On one of our replica sets, whose primary job it is to store active job postings, we were having trouble keeping the oplog at a reasonable length. The storage size (compressed, using wiredtiger) of our data was about 700GB, with our oplog storage at 150GB. That oplog storage represented just a day and half of activity, even with our data size remaining flat, suggesting we were somehow rewriting over 20% of our data every 36 hours. This was an annoyance, until a particularly large data import coincided with a drop of our oplog time to under 8 hours. At this point we knew we needed to get to the bottom of what was going on.

To better understand the writes to our cluster, we decided to take a look at what was in our oplog (fun fact: you can query the oplog just like any other collection in mongoDB). A simple aggregation query could be used to tell us how many writes were in the oplog for each collection, and of what type:

db.oplog.rs.aggregate([ 
{
'$group':
{
'_id': { 'ns': '$ns', 'op': '$op' },
'total': { '$sum': 1 }
}
},
{
'$sort': { 'total': -1 }
}
])

The results largely showed us what we would expect: our most active collections, with a number of inserts, updates, and deletes (represented by an i, u, or d, respectively, in the `op` field). What jumped out at us was something unexpected. Here’s a sample of the results of the above query, for our posting collection:

{ _id: { ns: ‘posting.posting’, op: ‘u’ }, total: 3513007 },
{ _id: { ns: ‘posting.posting’, op: ’n’ }, total: 2567712 },
{ _id: { ns: ‘posting.posting’, op: ‘i’ }, total: 441471 },
{ _id: { ns: ‘posting.posting’, op: ‘d’ }, total: 101561 },

…what’s an n operation? And why did we have two and a half million of them?

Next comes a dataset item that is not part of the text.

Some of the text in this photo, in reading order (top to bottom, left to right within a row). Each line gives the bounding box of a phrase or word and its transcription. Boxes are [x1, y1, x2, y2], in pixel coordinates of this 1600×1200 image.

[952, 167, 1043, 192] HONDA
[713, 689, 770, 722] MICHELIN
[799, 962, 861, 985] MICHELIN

It turns out that ’n’ in the oplog stands for no-op, a non-operation, and it seems that its primary use was in slow clusters to ensure replication was still in sync in the absence of other writes to a cluster. That’s obviously not what was going on here, but some additional searching led us to a few other users who encountered the same issue. What we found was quite a bit different than we initially expected, as the explanation lied in the combination of the findAndModify command, retryableWrites, and a change made during the release of mongoDB version 4.2. A bit of explanation is in order:

findAndModify is a handy command somewhat unique to mongoDB that lets you update a document, but return the document in the state it was before the update happened. This is useful if you need to update a counter and return the current value, among other examples.

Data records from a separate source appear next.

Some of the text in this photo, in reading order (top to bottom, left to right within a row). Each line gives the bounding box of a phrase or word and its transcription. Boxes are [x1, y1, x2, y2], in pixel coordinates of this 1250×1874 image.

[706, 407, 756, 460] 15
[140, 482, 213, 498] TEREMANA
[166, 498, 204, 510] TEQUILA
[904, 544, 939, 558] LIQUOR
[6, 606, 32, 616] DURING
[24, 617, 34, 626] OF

retryableWrites is a handy feature first introduced in mongoDB version 3.6 that automatically retries a write a single time if the initial write failed due to a network error or lack of a primary. These errors most commonly occur during the brief part of a replica set election/failover when there is no writable node, and waiting a second and retrying is usually enough for the error to go away. When this feature was initially introduced, it was disabled by default, and you needed to pass retryWrites=true in your connection string to take advantage of the feature. Starting with the drivers introduced in version 4.2, the default changed to where the feature was automatically enabled if not explicitly disabled in the connection string.

Being able to retry writes is a great thing, as it allows your mongoDB replica sets to switch primaries during the day with essentially no interruptions to your application. At Snagajob we had built this capability into our codebase a decade ago when we first adopted mongoDB, for this very reason. As such we didn’t pay much attention when the feature was added into the database itself.

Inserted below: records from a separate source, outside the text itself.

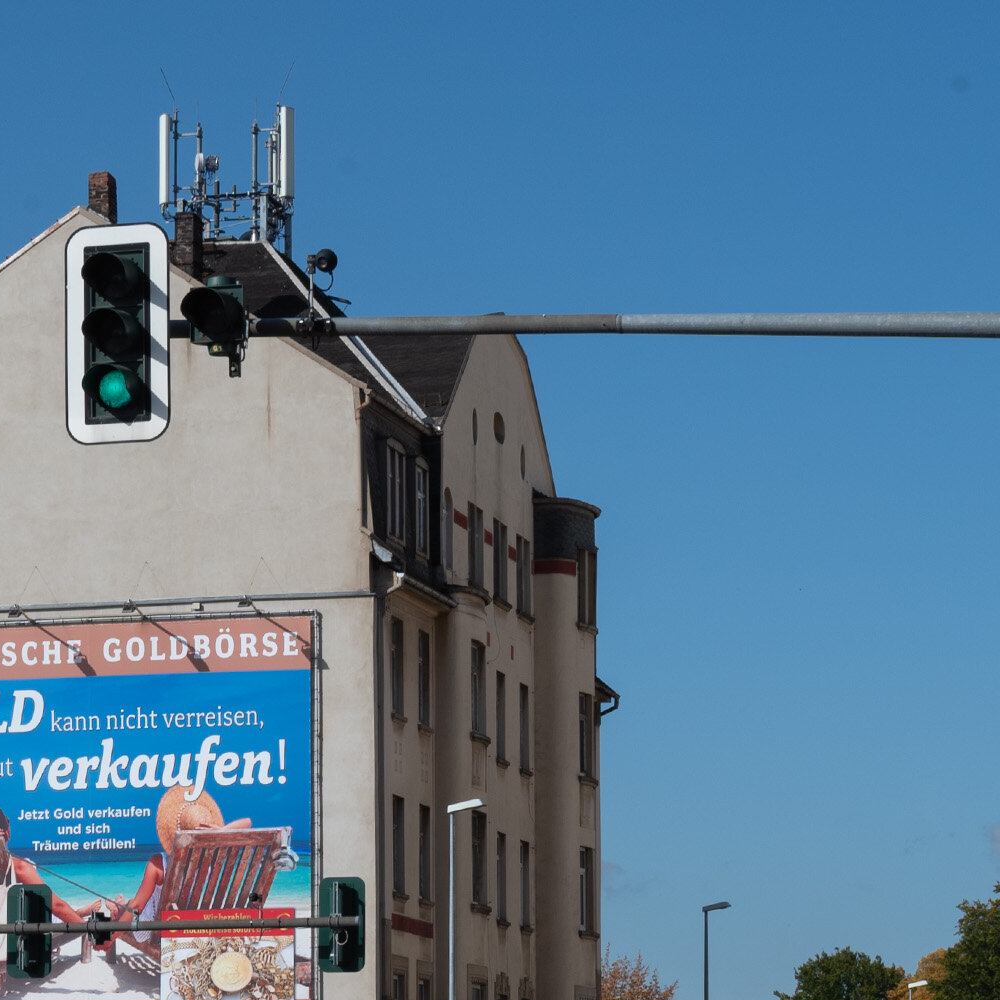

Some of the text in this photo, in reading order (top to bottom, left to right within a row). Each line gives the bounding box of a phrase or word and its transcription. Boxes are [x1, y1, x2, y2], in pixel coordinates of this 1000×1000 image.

[103, 628, 299, 662] GOLDBÖRSE
[50, 710, 100, 732] kann
[106, 706, 158, 730] nicht
[162, 705, 265, 730] verreisen,
[20, 734, 287, 802] verkaufen!
[18, 806, 151, 821] Jetzt Gold verkaufen
[57, 823, 110, 835] und sich
[32, 838, 136, 852] Träume erfüllen!
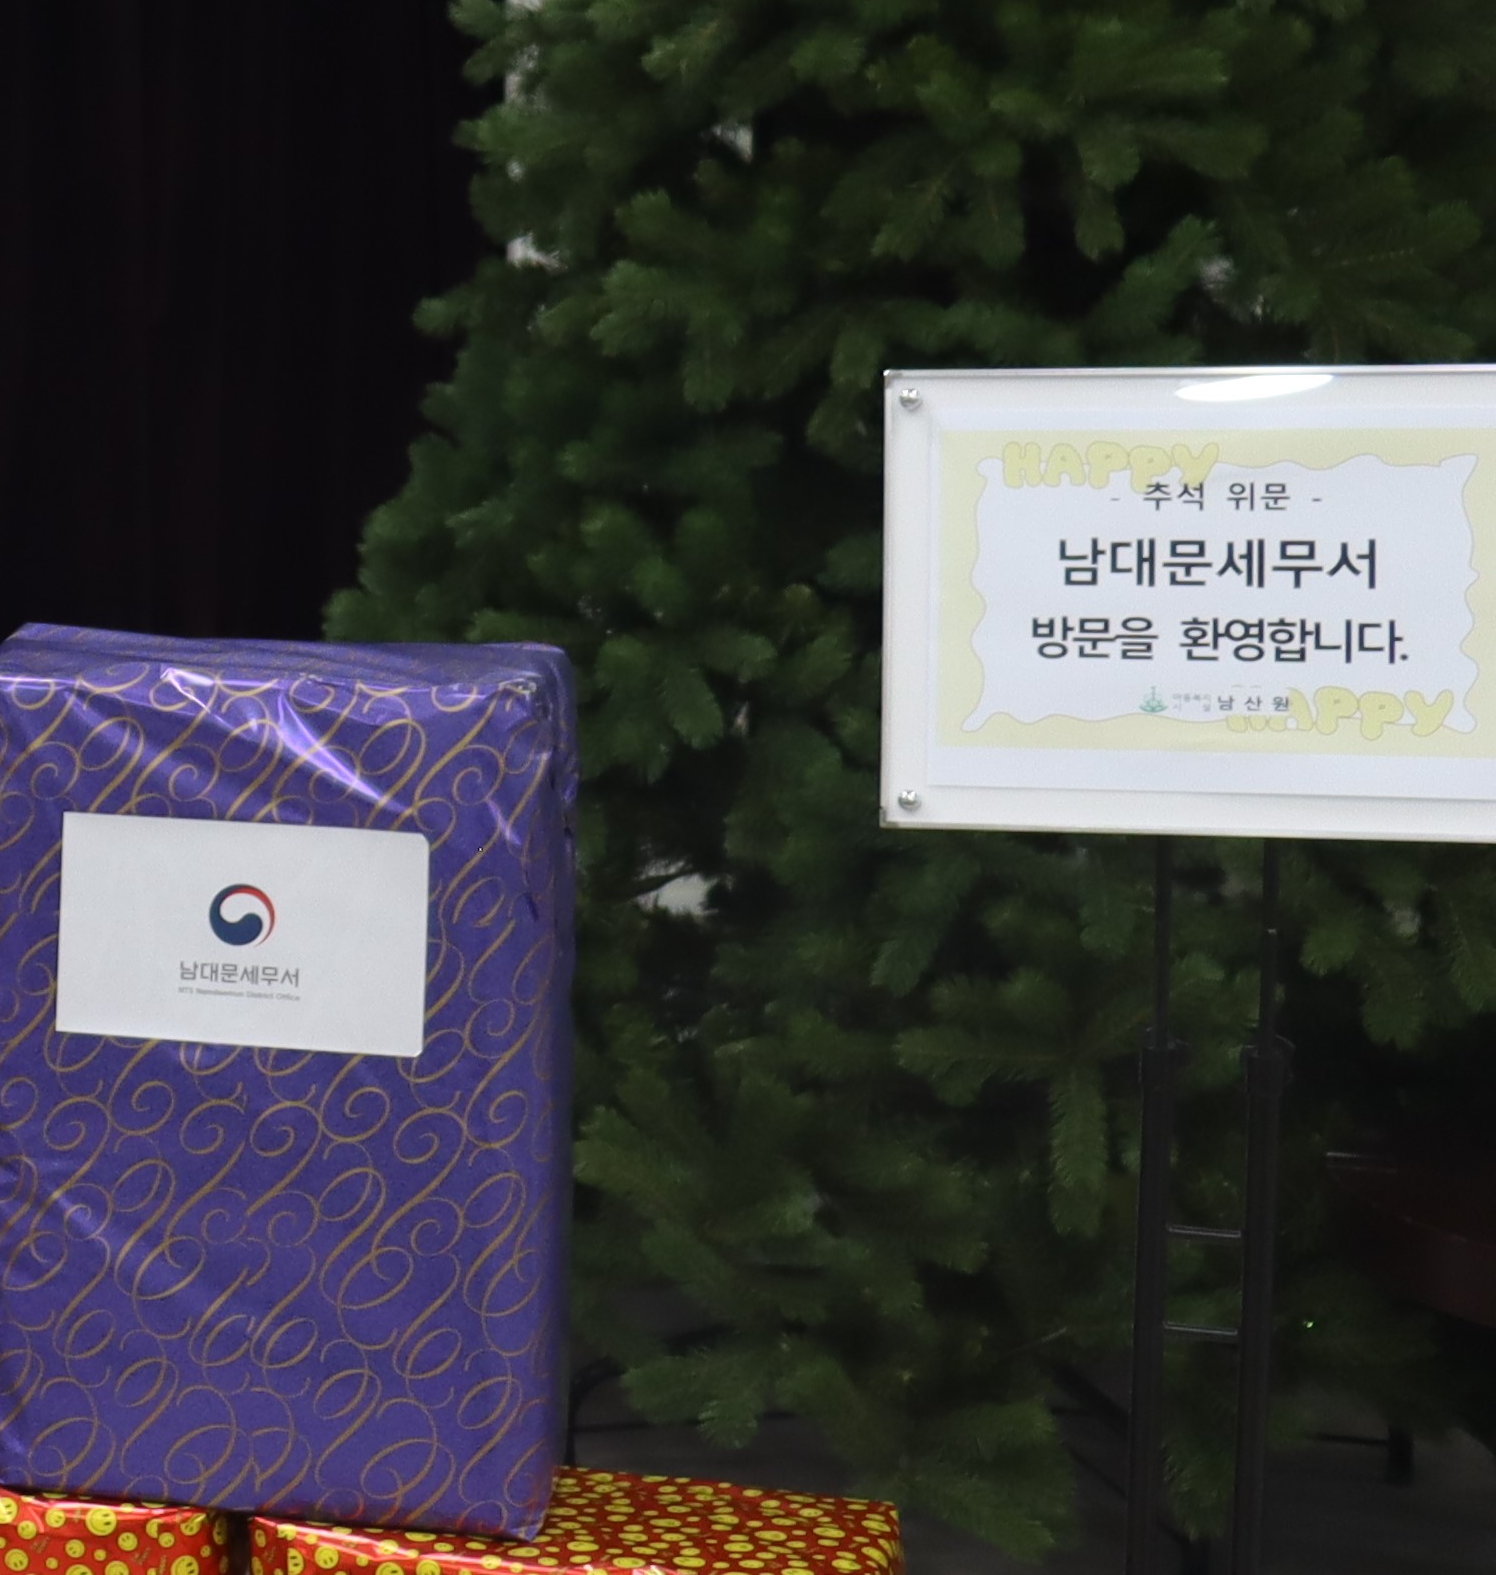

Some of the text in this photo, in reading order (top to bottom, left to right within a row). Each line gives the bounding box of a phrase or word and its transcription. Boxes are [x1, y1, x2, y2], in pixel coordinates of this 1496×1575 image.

[1003, 441, 1219, 493] HAPPY
[1144, 481, 1204, 510] 추석
[1228, 483, 1289, 511] 위문
[1060, 538, 1375, 589] 남대문세무서
[1033, 616, 1408, 664] 방문을 환영합니다.
[1225, 686, 1453, 740] APPY
[180, 962, 299, 987] 남대문세무서

How is all this relevant to our problem? It all came together when we came across this ticket on mongoDB’s core server jira board. SERVER-30407, “Make findAndModify retryable”, contains this description:

This will make findAndModify commands with retryability generate an additional type “n” oplog entry that will contain the pre or post image of the update/delete operation. In addition, the actual update/delete oplog entry will contain a preImageTs/postImageTs field that will point to this “n” oplog entry.

To summarize — every findAndModify command generates two records in the oplog — a “u” entry, containing the update, and an “n” update, containing an entire copy of the document being updated. Could this be it? The smoking gun to our oplog problem? To test, we simply updated our connection string to disable retryableWrites (after all, we already had retry logic built into our own codebase). Here’s what happened:

That change took us from ~36 hours to around 10 days of oplog. Our problem, as it were, was solved.

It’s a problem I imagine few users of mongoDB come across — enabling retryable writes in your connections is generally a good idea, and you would need to make extensive use of findAndModify to see the downside we did. The good news is that, in the recently released version 6.0, there’s a much better default solution to making findAndModify queries retryable, where instead of storing the documents in the oplog, they’re stored in a separate collection.

A couple of takeaways from this experience:

  • Query your oplog — You can learn a lot about your data usage patterns here in ways that aren’t easily surfaced through typical monitoring
  • Expect the unexpected — driver and server upgrades with mongoDB are generally a pretty painless process, but it’s worth walking through the release notes and critically considering the impact of new features and behaviors, even if it’s not immediately apparent how your application will be impacted.

As for me, I’m overjoyed to have a nice comfortable cushion of an oplog again, which will help guard us against ever increasing write volume.

--

--